Mike agarró un poco de grava y se tumbó de espaldas junto a los dos. El truco parecía estar en alcanzar el aparato sin levantar la cabeza de la hierba. Lawrence lanzaba el juguete y maniobraba con él. Volaban piedras. El planeador rizó el rizo, voló hacia el gran roble que proyectaba ramas sobre el dormitorio de Dale en el piso alto, y después aterrizó intacto en el camino. Los tres recogieron más municiones, mientras Lawrence recuperaba el avión y enderezaba las alas y la cola.
– Están cayendo piedras en el jardín del lado de tu casa -dijo Mike a Dale-. Vais a tener problemas cuando cortéis el césped.
– Le he dicho a mi madre que las recogeremos cuando hayamos terminado -observó Dale, echando el brazo atrás.

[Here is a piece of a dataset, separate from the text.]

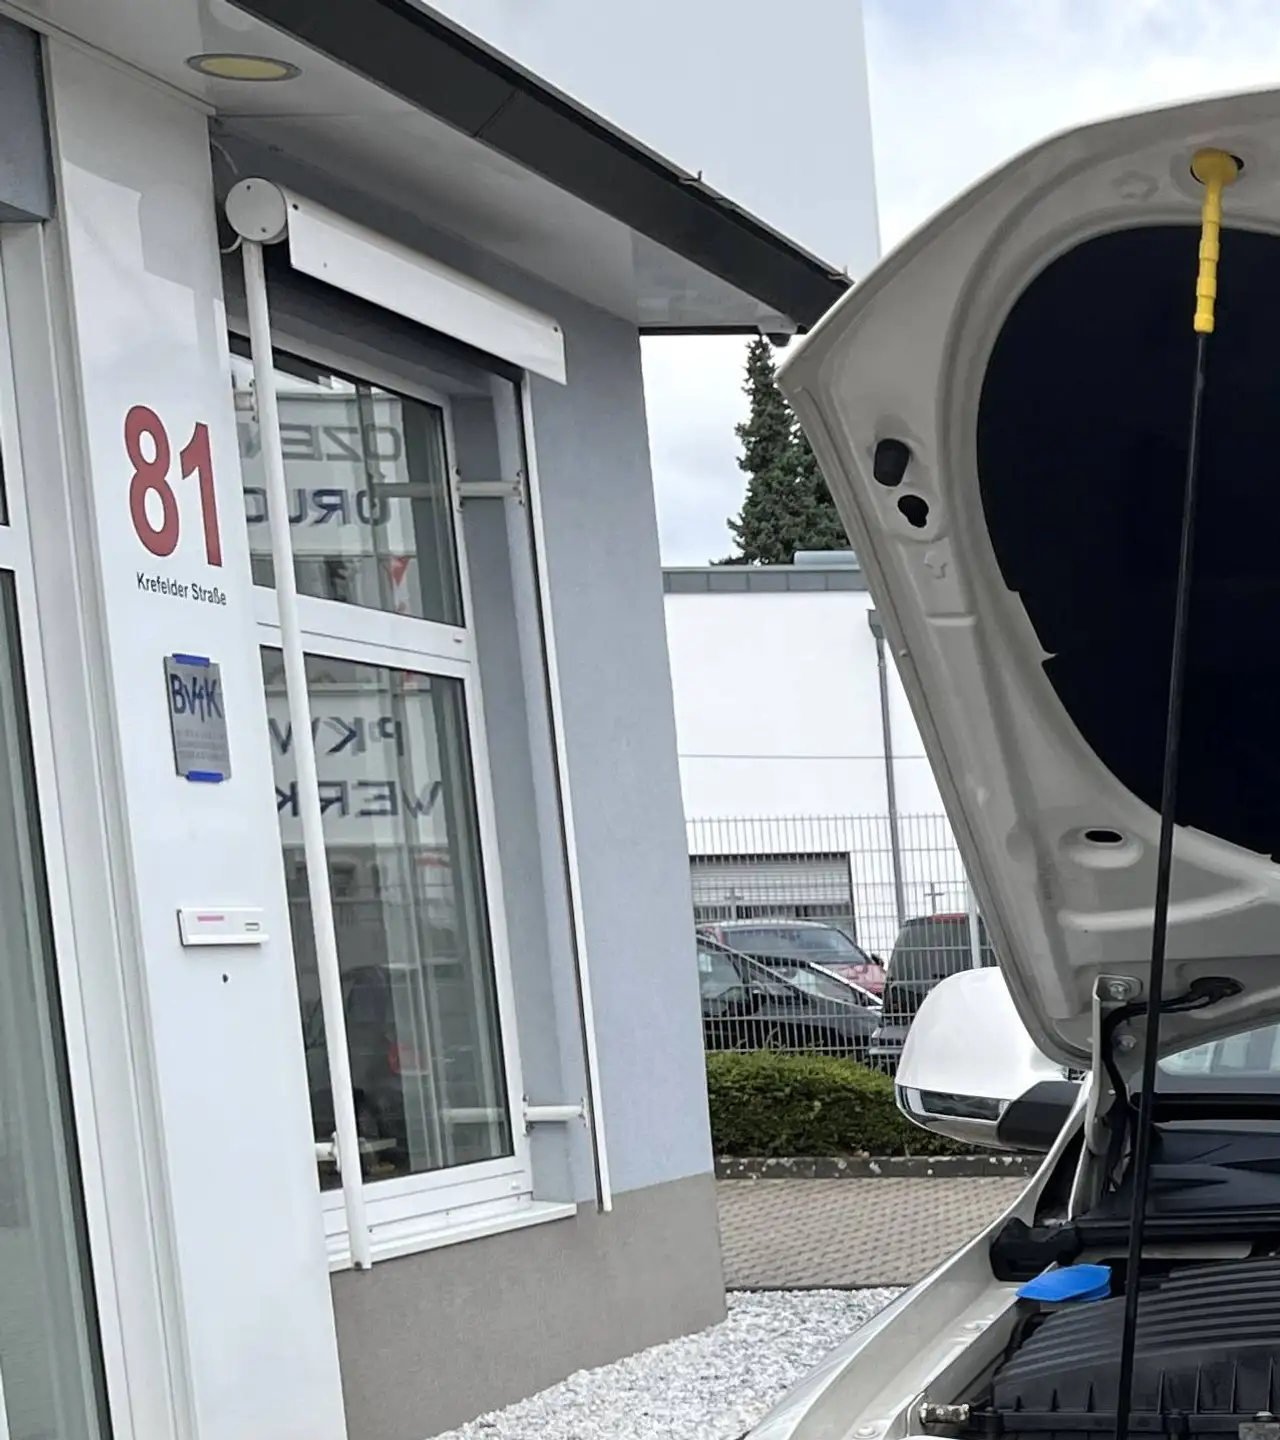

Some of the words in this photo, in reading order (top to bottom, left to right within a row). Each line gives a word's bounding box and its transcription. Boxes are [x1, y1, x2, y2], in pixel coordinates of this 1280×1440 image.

[124, 404, 223, 567] 81
[136, 571, 188, 599] Krefelder
[191, 582, 227, 606] Straße

Lawrence levantó mucho el avión. Todos fallaron el blanco en el primer ataque tierra-aire, imitando inconscientemente cada chico el ruido del cañón o del misil al disparar. Mike acertó al segundo lanzamiento, golpeando el ala derecha y haciendo que el planeador cayese en picado sobre la hierba. Los otros tres hicieron ruidos de motor fuera de control y del avión al estrellarse e incendiarse. Lawrence desprendió el ala rota y corrió hacia un montón de piezas de recambio próximo al viejo vertedero.
– No he podido encontrar a Van Syke -dijo Mike, como si se estuviese confesando.
Kev estaba amontonando piedras de tamaño adecuado sobre la hierba, junto a él. Sus padres nunca le habrían permitido arrojar piedras en su jardín.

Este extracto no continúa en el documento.